# LISTED ENTRIES

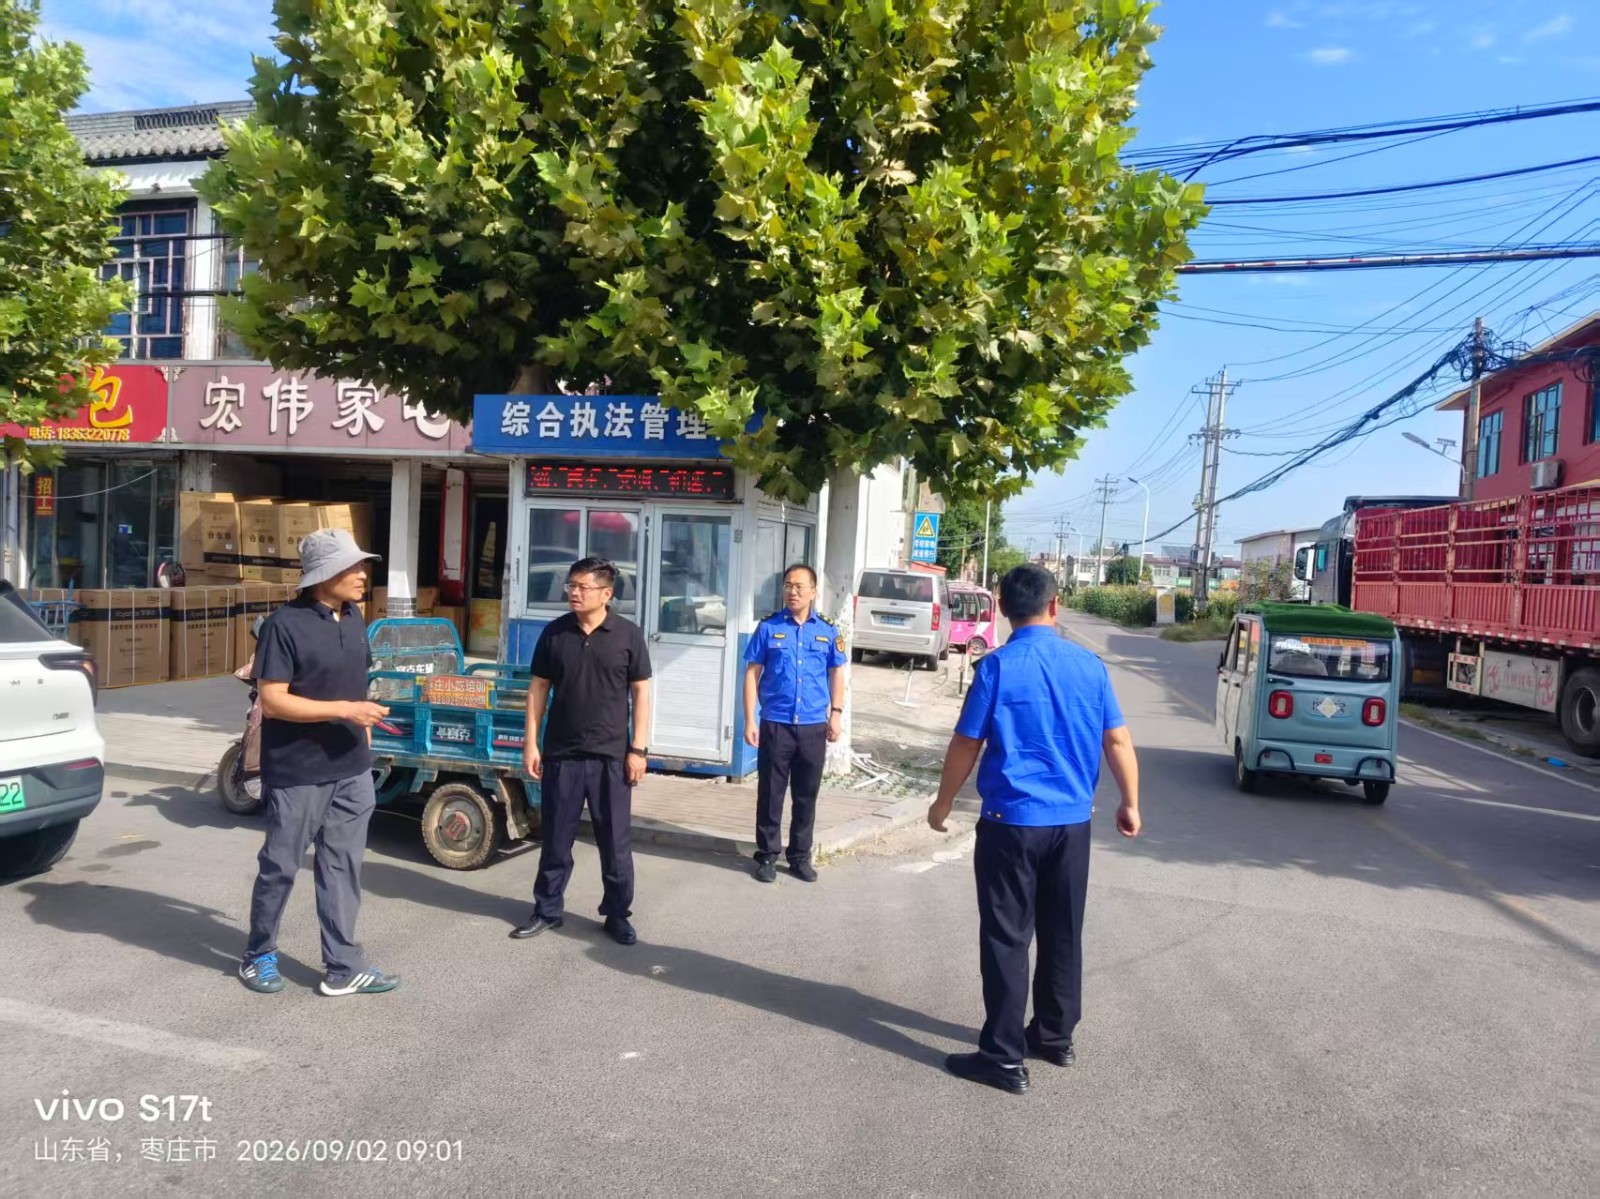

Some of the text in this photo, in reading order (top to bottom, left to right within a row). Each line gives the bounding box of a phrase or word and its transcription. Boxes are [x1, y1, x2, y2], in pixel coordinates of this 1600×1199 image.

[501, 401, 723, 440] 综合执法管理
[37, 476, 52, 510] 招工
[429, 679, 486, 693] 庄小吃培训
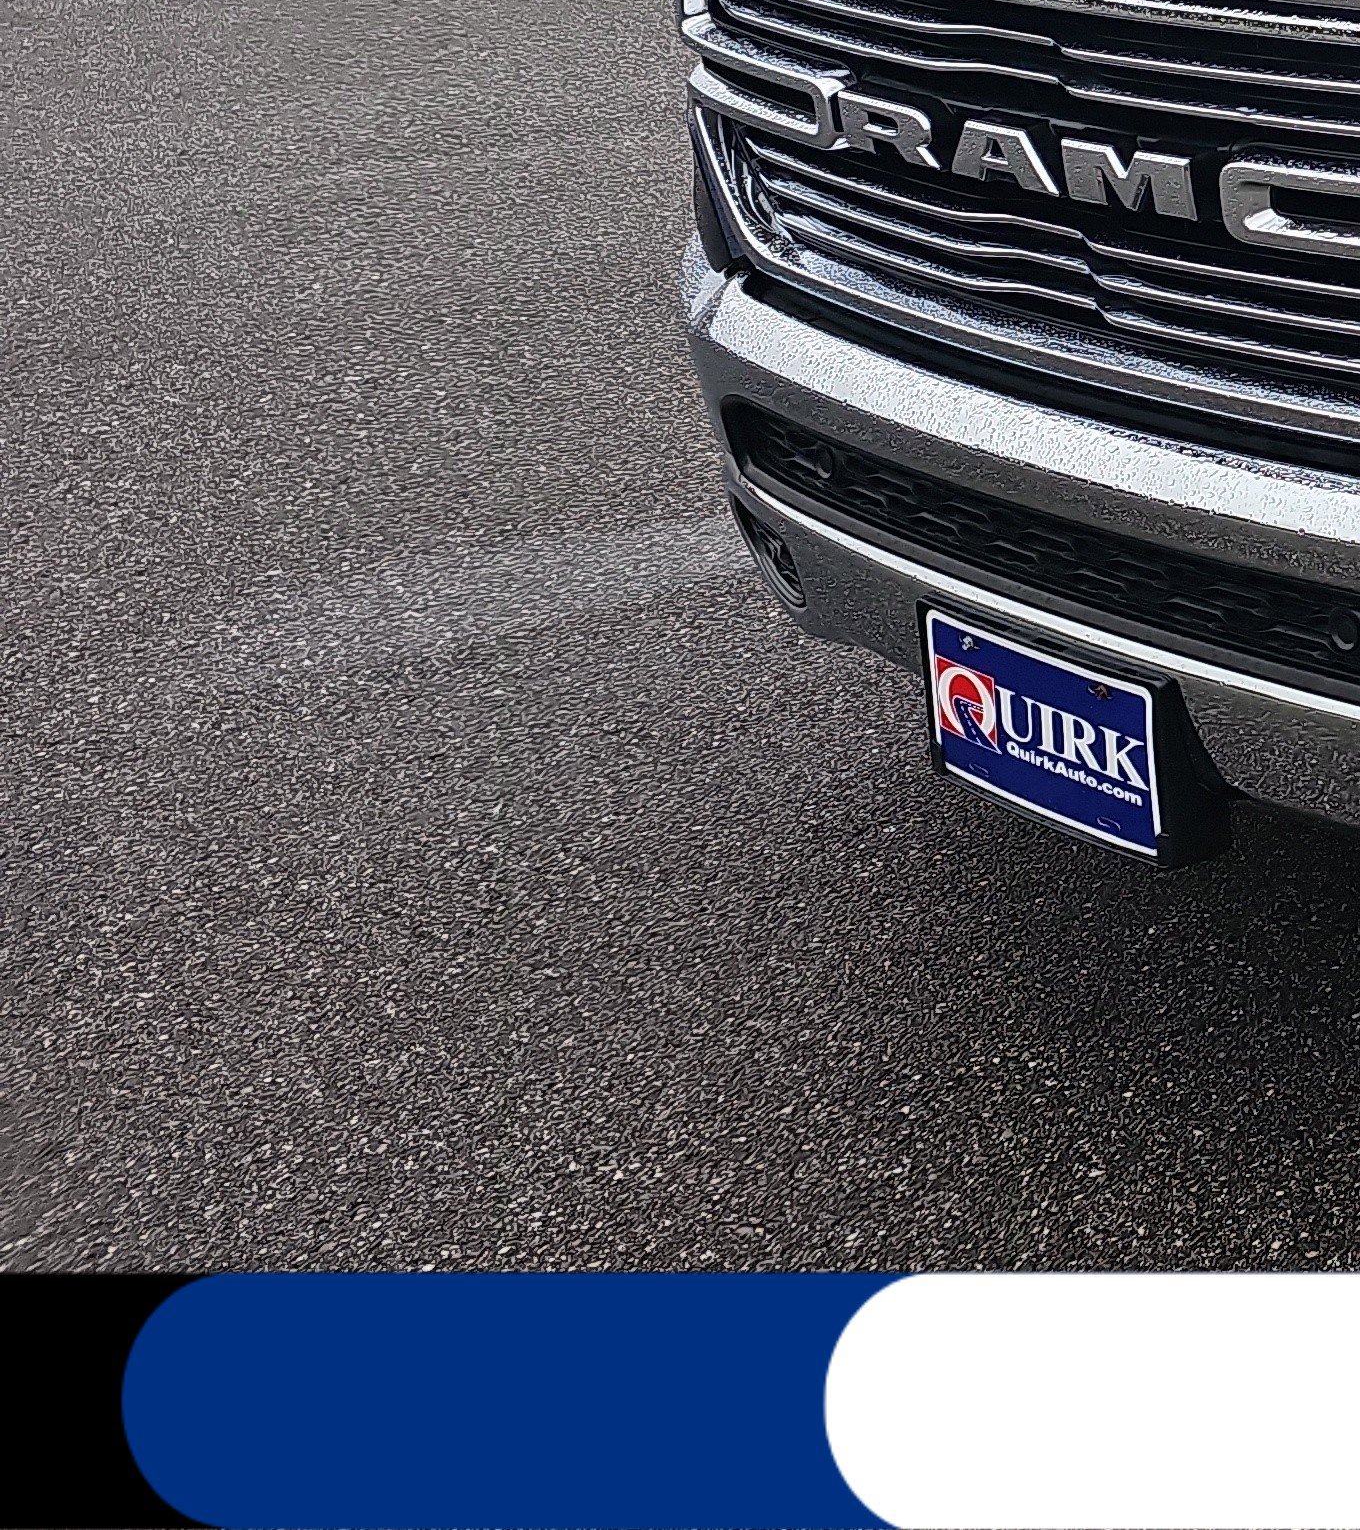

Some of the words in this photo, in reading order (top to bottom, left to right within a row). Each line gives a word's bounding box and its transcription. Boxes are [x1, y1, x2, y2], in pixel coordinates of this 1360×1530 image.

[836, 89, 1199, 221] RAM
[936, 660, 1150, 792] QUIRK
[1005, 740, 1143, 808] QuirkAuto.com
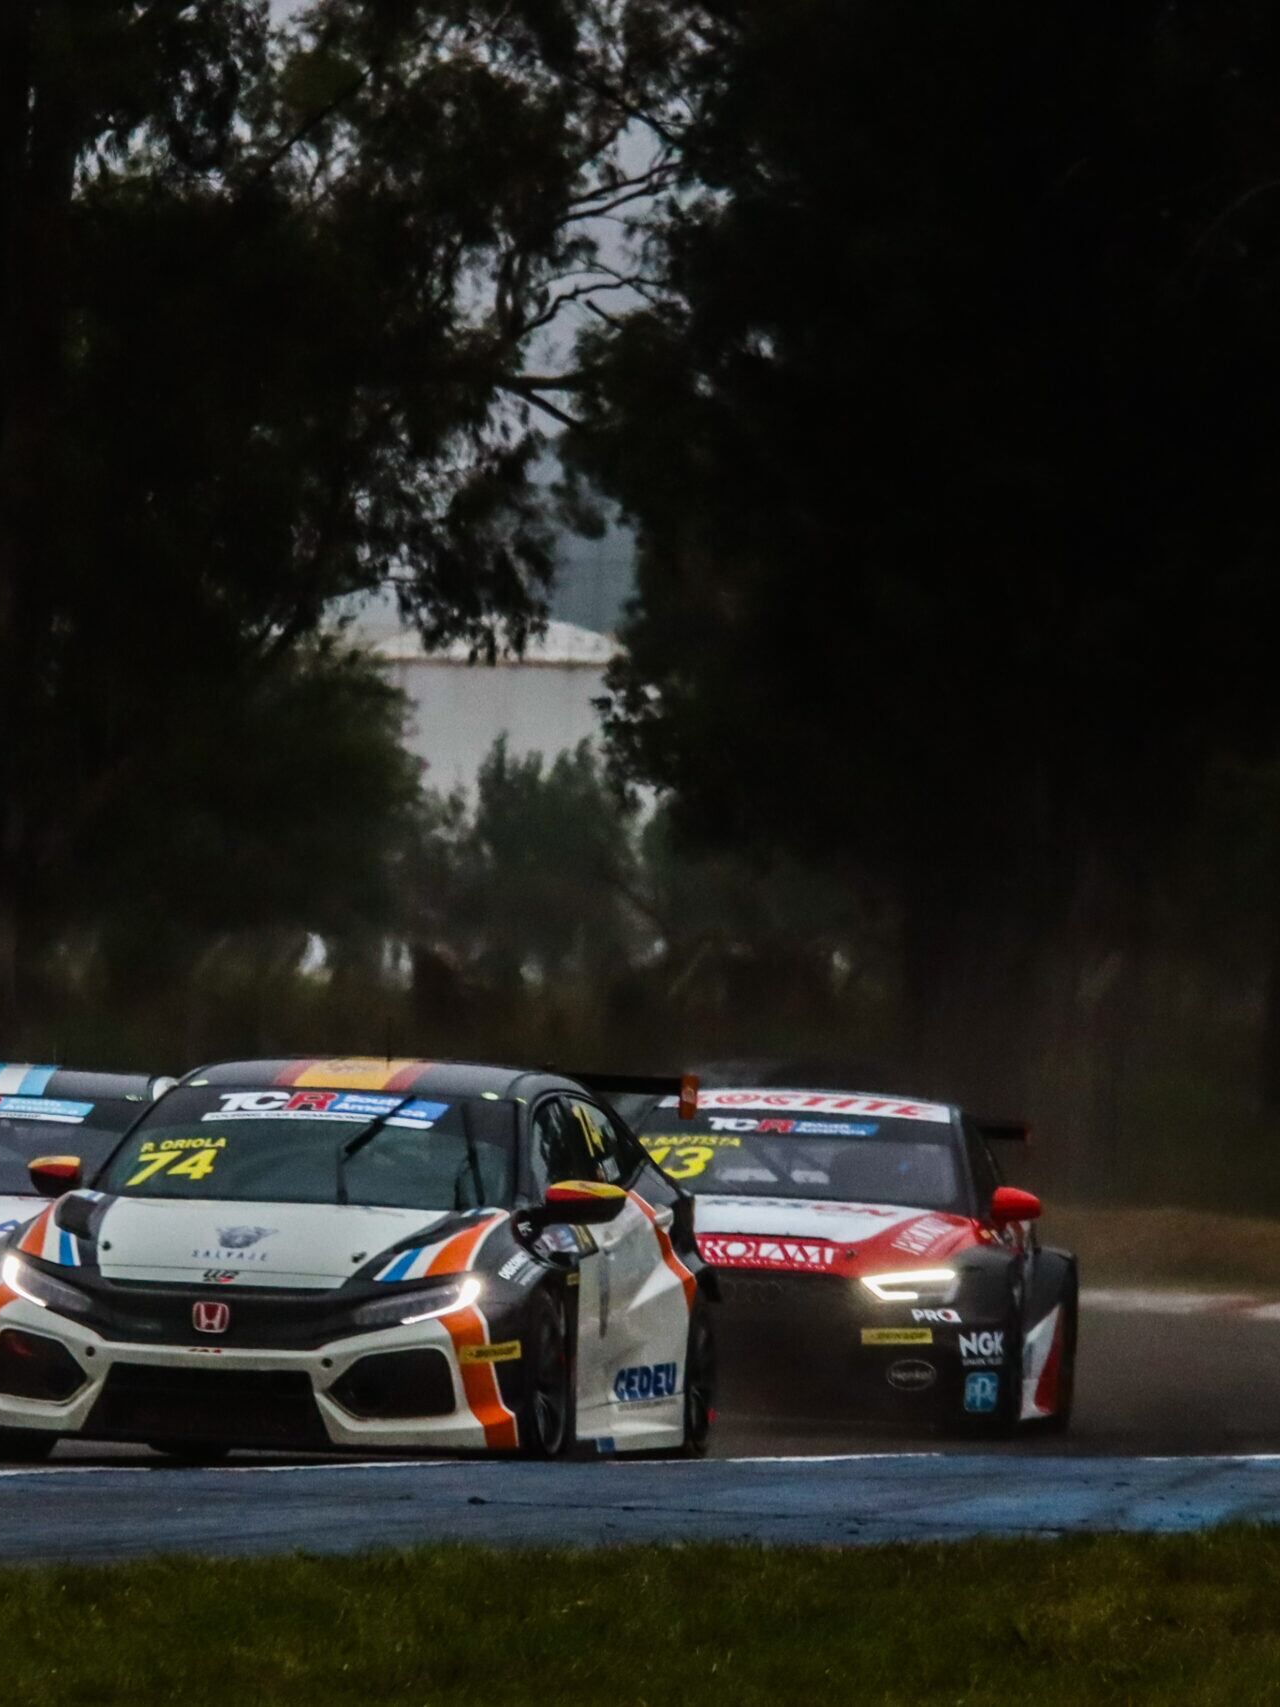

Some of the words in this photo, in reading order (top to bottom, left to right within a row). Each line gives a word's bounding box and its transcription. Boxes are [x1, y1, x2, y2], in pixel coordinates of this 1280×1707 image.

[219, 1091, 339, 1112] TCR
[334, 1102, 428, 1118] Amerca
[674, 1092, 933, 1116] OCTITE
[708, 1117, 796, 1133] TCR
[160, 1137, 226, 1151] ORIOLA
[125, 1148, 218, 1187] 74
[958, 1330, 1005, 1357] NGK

# TASK DESCRIPTION
From the line containing "this 1360×1530 image." down to the end of the listing above, every line is to be returned exactly, though the pictures are not.

# TASK SOLUTION
Some of the words in this photo, in reading order (top to bottom, left to right within a row). Each line gives a word's bounding box and its transcription. Boxes are [x1, y1, x2, y2], in pixel coordinates of this 1360×1530 image.

[836, 89, 1199, 221] RAM
[936, 660, 1150, 792] QUIRK
[1005, 740, 1143, 808] QuirkAuto.com

Some of the words in this photo, in reading order (top to bottom, left to right within a row). Each line gives a word's bounding box and its transcription. Boxes are [x1, y1, x2, y2], in pixel coordinates of this 1280×1707 image.

[219, 1091, 339, 1112] TCR
[334, 1102, 428, 1118] Amerca
[674, 1092, 933, 1116] OCTITE
[708, 1117, 796, 1133] TCR
[160, 1137, 226, 1151] ORIOLA
[125, 1148, 218, 1187] 74
[958, 1330, 1005, 1357] NGK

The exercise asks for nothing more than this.